In re Transunion Deriv. S’holder Litigation, C.A. No. 2022-1103-LWW (Del. Ch. Oct. 1, 2024) (Will, V.C.)
In this memorandum opinion, the Court of Chancery dismissed a Caremark claim asserted against the corporation’s directors. The plaintiff stockholder claimed the defendants breached their fiduciary duties by knowingly permitting non-compliance with a Consent Order the company submitted to with the Consumer Financial Protection Bureau in 2017. The alleged non-compliance included delays in implementing a compliance plan and interpretive differences with the CFPB over the Consent Order’s terms, including as to disclaimer font size, phrase usage, and checkbox placement. The Court held that “[i]mperfect compliance is not bad faith,” that demand was not futile, and so as a result granted the defendants’ motion to dismiss.

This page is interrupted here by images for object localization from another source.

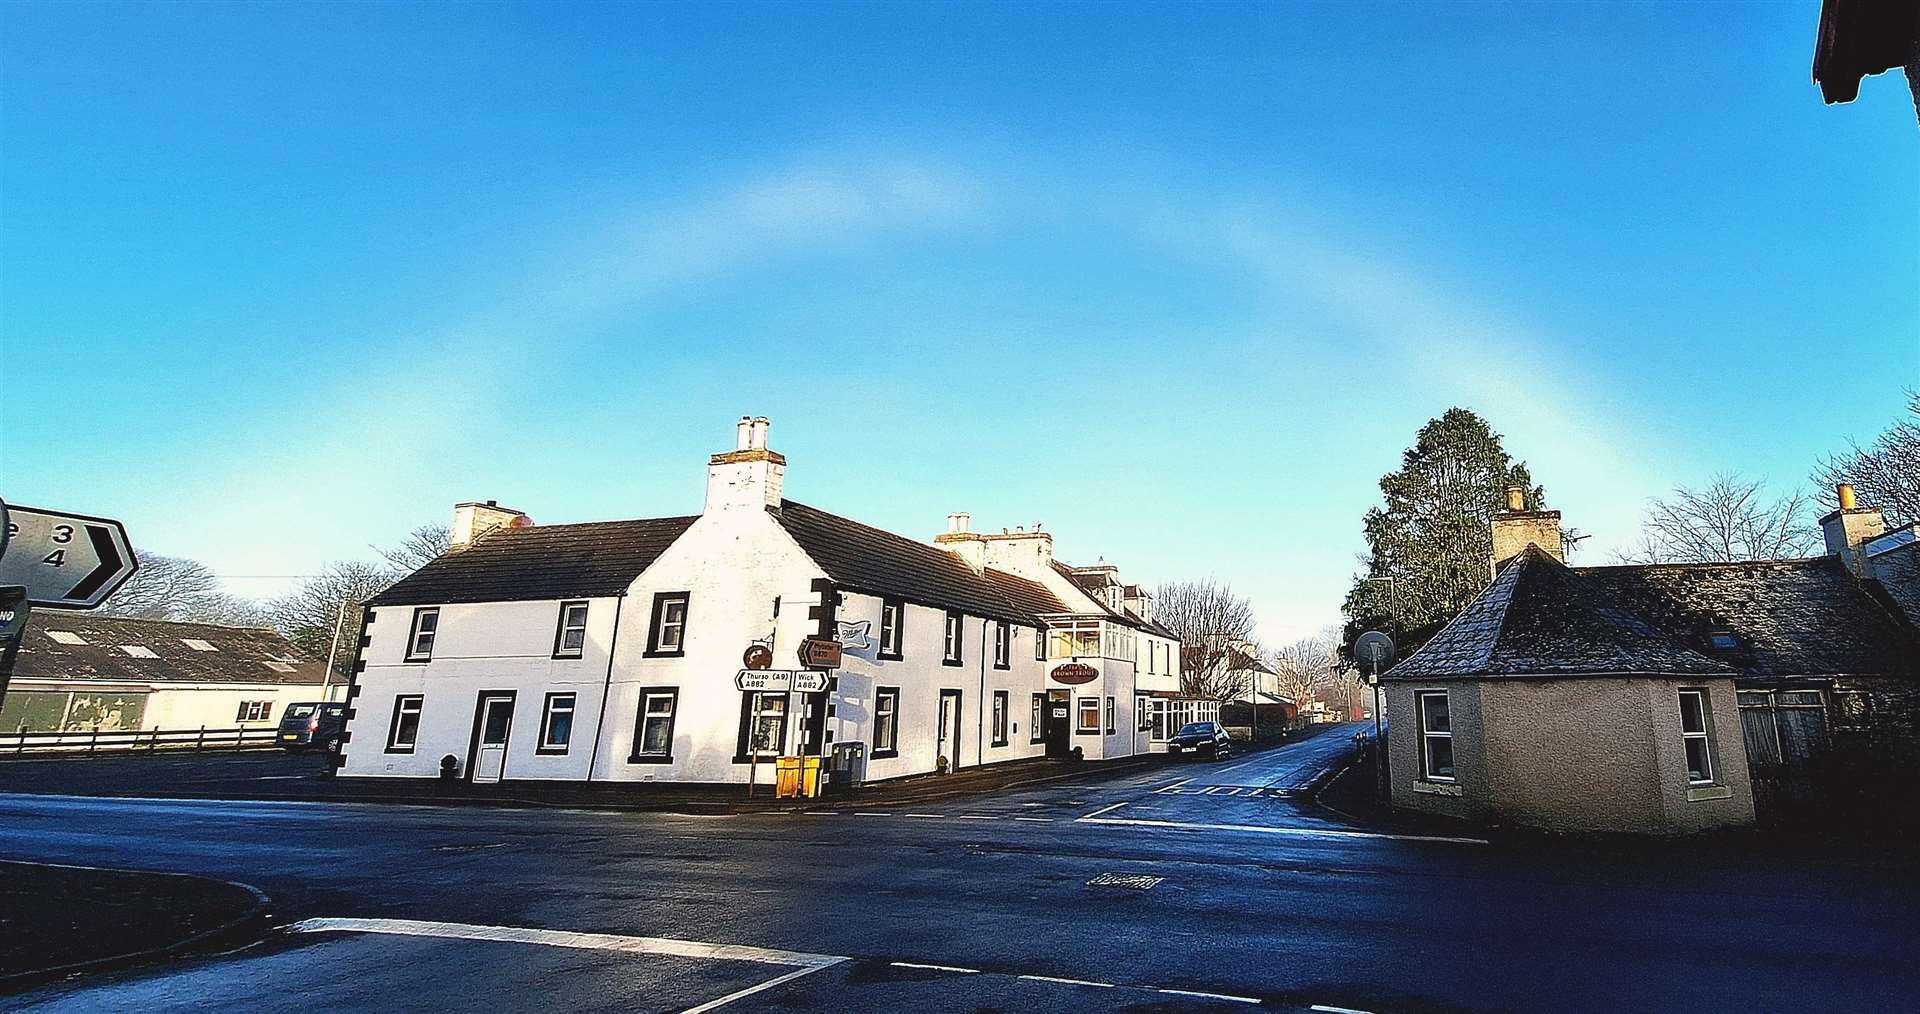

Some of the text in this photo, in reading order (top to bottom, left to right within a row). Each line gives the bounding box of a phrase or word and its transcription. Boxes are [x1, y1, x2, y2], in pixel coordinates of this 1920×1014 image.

[53, 525, 73, 543] 3
[43, 549, 65, 567] 4
[772, 673, 789, 681] (A9)
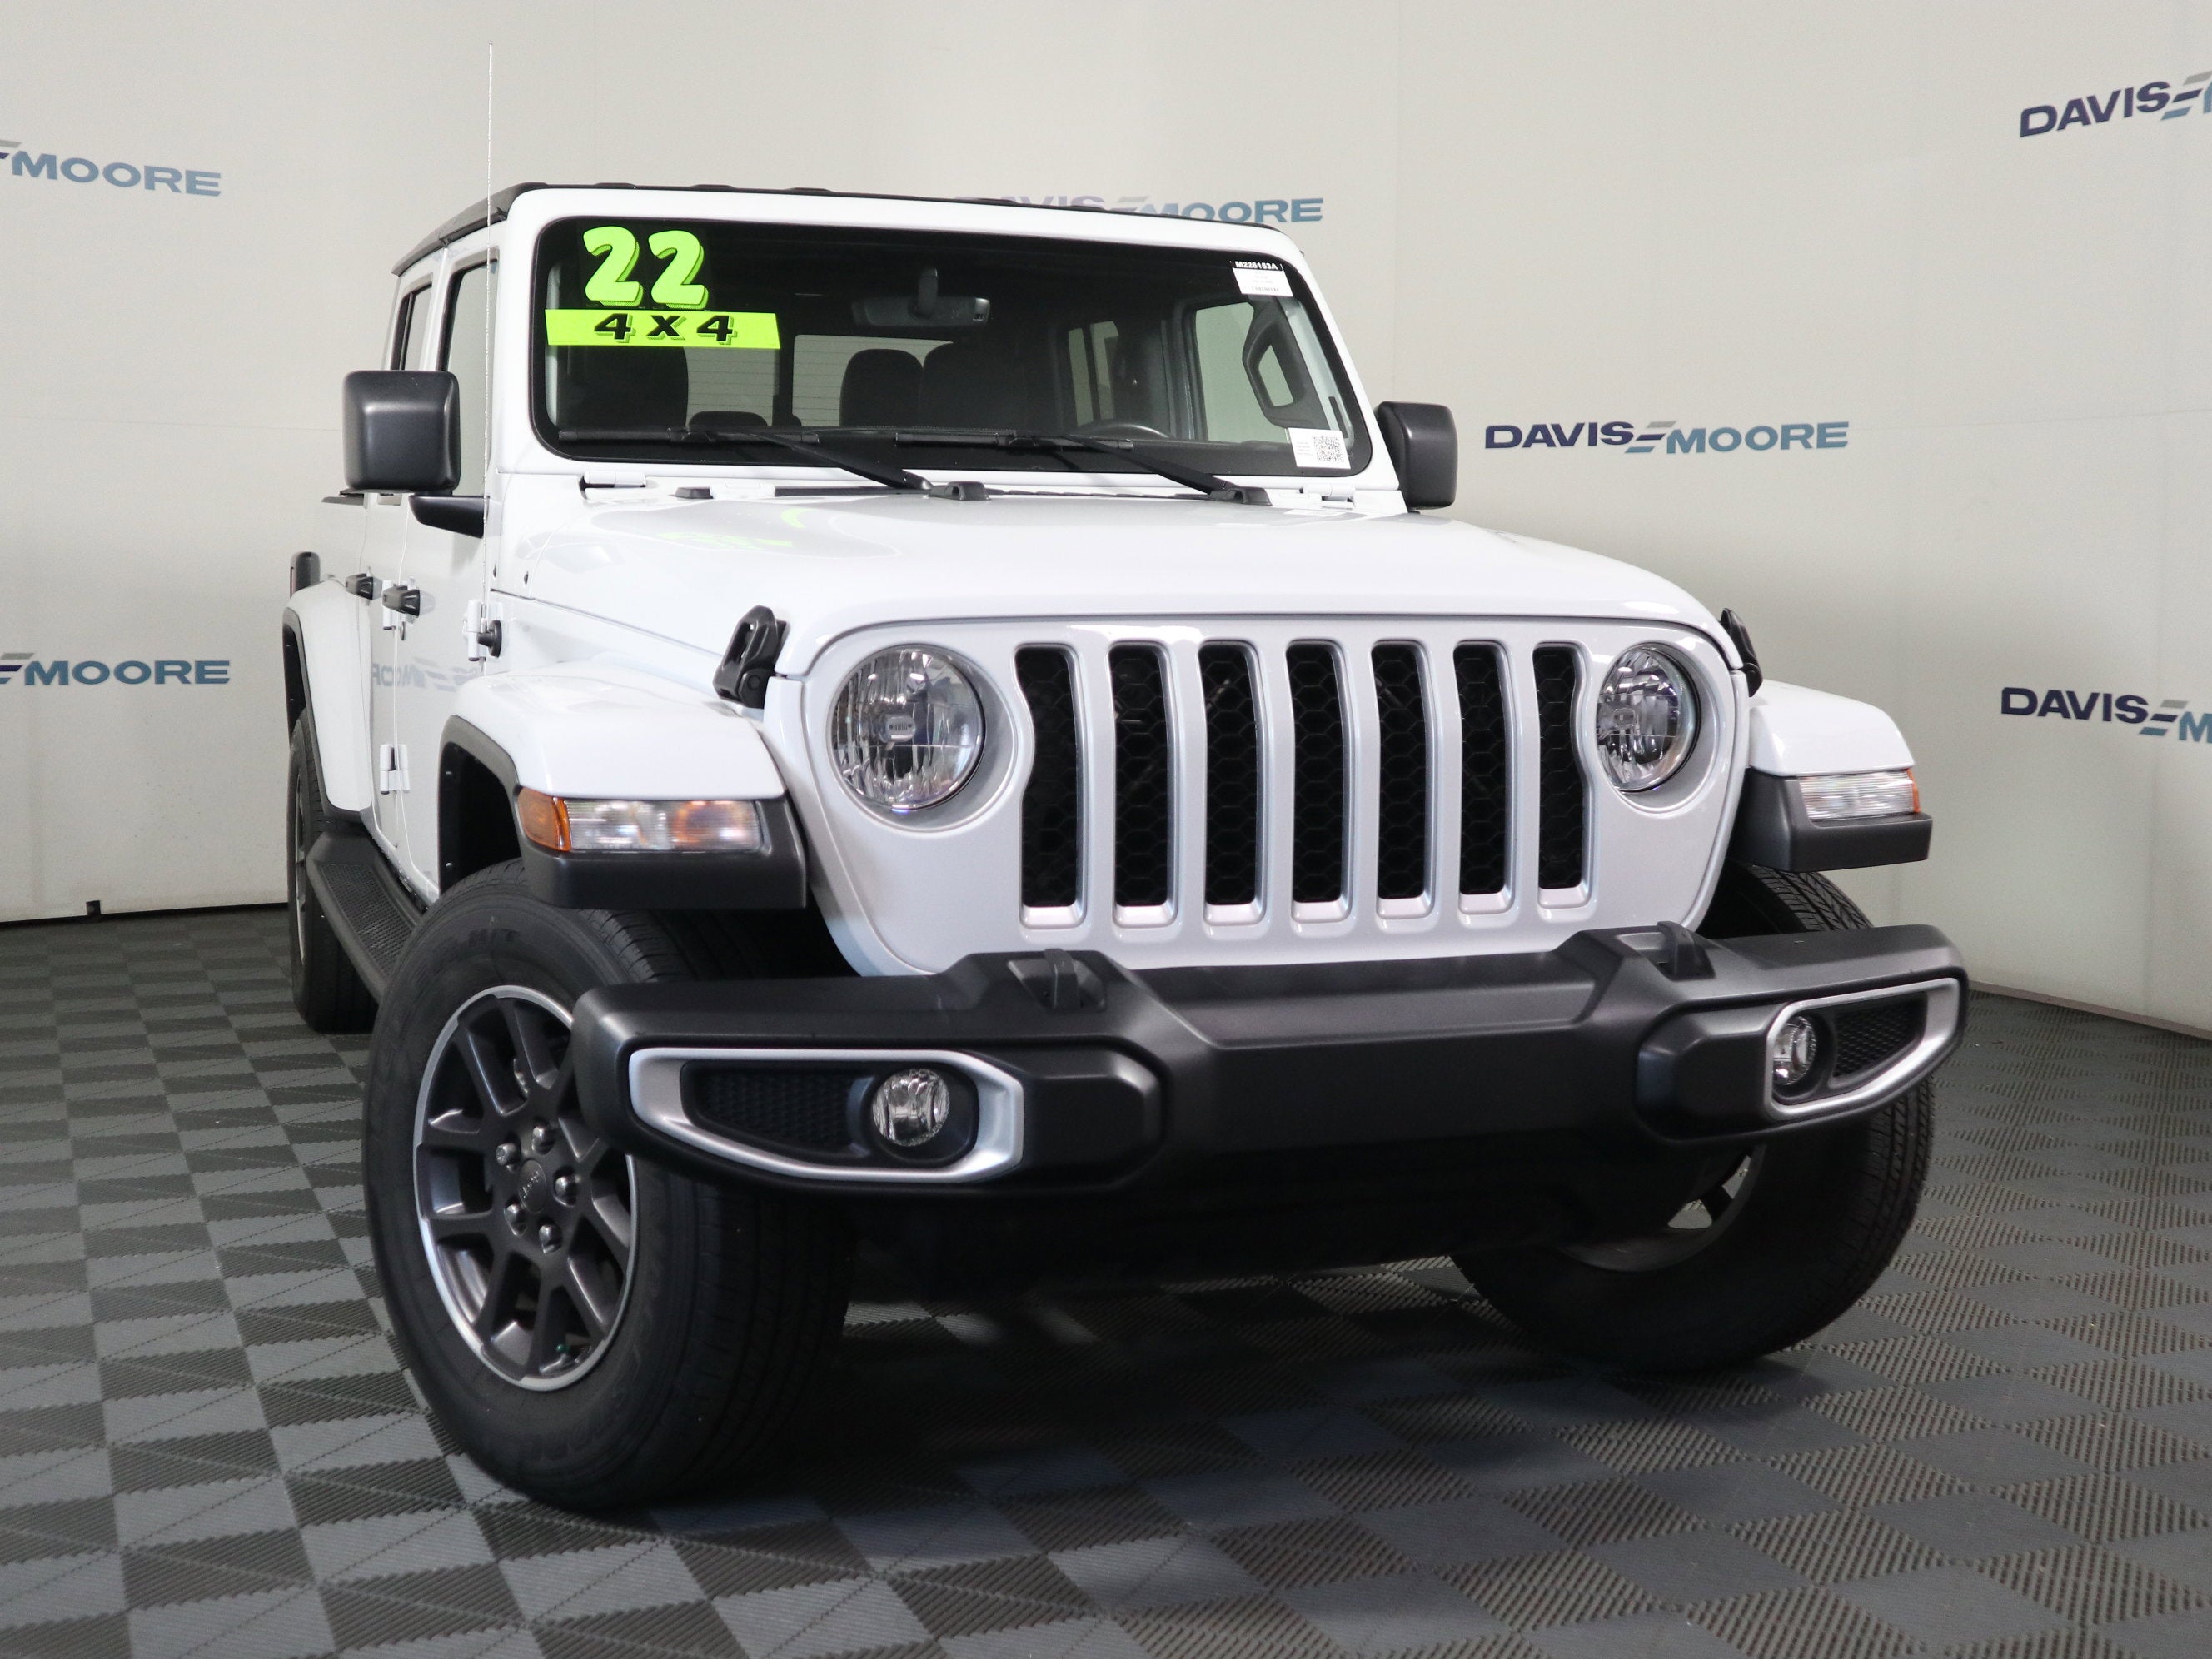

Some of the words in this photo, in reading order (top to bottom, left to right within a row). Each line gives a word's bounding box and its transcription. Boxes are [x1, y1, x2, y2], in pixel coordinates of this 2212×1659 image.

[2020, 81, 2171, 137] DAVIS
[11, 150, 222, 197] MOORE
[583, 226, 708, 310] 22
[1485, 421, 1634, 449] DAVIS
[1666, 421, 1850, 455] MOORE
[24, 660, 231, 686] MOORE
[2000, 686, 2149, 725] DAVIS

The plaintiffs argued two legal theories: one akin to Massey, where directors were found responsible for knowingly breaking the law, and the second under Caremark’s second prong for disregarding non-compliance with the Consent Order. These positions were in tension with each other because the “same conduct would reflect action [for the Massey claim] and inaction [for the second prong Caremark claim].”
Regardless, the Court turned to analyzing Caremark and subsequent decisions, including Massey, to distill the “bottom-line principles underpinning” the different categories of claims “rooted in the fundamental rule that Delaware corporations operate lawfully.” That included the observation that “Massey did not create a separate claim untethered from those explored in Caremark and Stone.” After this synthesis, the Court concluded that regardless of the nomenclature, “an inadequate, delayed, or misguided response to red flags cannot support a claim for breach of the duty of loyalty.” The Court explained that the board in this case took immediate efforts to comply with the Consent Order, and received and relied on reports and advice from both in-house and outside counsel. Furthermore, the board was informed about and oversaw improvements to company’s business practices to comply with the Consent Order. The Court did not see how any “imperfect attempts at compliance” could be “indicative of bad faith.” These affirmative steps toward compliance and receipt of regular updates undercut any inference that the board acted in bad faith.